When you buy a movie, most of the purchase price is for the licence to watch the movie in your home. It's not for the media, be it disc or downloaded data, that is a negligible part of the price.

That's why a disc+digital bundle does not cost 2x a disc-only package. It only costs slightly more. Because you are not buying two licences. You are buying one licence to watch the movie with a small (maybe 10%) premium to cover the extra viewing option.

If you sell your disc and retain the UV copy, now there are two licences in circulation. You can still watch the movie via your UV copy, and the buyer can watch it on the disc. But the copyright owner has only been paid for one licence. This is piracy, you have created an extra licence to watch the movie without permission.

It is hilarious that this guy will lecture about he has ethics and would never rip a disc because it's breaking the law.. And then a few posts later he talks about how he breaks the digital copy licence agreement on a regular basis.
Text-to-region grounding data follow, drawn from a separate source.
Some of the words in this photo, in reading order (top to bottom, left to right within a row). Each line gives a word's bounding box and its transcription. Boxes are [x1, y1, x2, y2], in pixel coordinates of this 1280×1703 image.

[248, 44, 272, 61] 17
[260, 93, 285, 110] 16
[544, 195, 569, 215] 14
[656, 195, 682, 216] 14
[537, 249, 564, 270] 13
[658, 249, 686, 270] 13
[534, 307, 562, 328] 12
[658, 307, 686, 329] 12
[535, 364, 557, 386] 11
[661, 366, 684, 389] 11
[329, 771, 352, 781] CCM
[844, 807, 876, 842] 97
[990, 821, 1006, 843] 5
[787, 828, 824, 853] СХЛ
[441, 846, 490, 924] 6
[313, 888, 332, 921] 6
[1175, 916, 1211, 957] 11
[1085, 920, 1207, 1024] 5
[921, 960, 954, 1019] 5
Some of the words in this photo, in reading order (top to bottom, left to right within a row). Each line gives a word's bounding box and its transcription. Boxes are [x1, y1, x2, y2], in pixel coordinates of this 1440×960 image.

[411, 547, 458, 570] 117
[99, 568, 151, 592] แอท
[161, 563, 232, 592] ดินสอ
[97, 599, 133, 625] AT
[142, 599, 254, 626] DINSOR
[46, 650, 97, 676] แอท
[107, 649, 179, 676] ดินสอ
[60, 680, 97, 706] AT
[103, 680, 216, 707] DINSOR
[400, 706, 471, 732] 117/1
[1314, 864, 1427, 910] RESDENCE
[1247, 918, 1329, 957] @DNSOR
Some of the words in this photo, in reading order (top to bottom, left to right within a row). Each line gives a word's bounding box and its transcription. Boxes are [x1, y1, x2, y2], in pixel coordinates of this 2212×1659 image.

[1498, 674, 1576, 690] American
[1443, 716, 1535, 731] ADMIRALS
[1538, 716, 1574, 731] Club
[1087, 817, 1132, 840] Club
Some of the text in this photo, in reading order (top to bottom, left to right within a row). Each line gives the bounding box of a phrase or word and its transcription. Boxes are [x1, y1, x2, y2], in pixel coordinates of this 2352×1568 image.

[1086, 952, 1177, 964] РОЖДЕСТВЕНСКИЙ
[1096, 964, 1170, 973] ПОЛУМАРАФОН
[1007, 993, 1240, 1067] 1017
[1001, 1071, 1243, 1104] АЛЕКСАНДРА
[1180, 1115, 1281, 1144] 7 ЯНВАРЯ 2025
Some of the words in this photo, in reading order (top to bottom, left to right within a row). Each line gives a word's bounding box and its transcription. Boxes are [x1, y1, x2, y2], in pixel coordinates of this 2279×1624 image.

When I rip my own purchased Blurays, I keep the disc and everything is watched in my own home. Im not creating an extra licence. The copyright holder has been paid for one licence and one person is watching the movie.
Despite your opinion on the matter, the fact remains that if you rip a Blu-ray, you are breaking federal law and if I sell a used Blu-ray that came with a code that I registered with UV, I am not breaking any written laws, and it's not even clear what the contractual status of the transaction is, since the UV TOS does not address the issue directly.

What is more contentious is the act of selling the UV codes and keeping the disc. That's because the physical media is absolutely covered by the first sale doctrine whereas virtual media is an unsettled legal matter.

It comes down to the idea that you can do what you want with a physical disc in terms of loaning it to friends or selling it, whereas with UV there are specific TOS that govern what you can do with the UV version, beyond the usual copyright law restrictions, since it is not covered by the first sale doctrine.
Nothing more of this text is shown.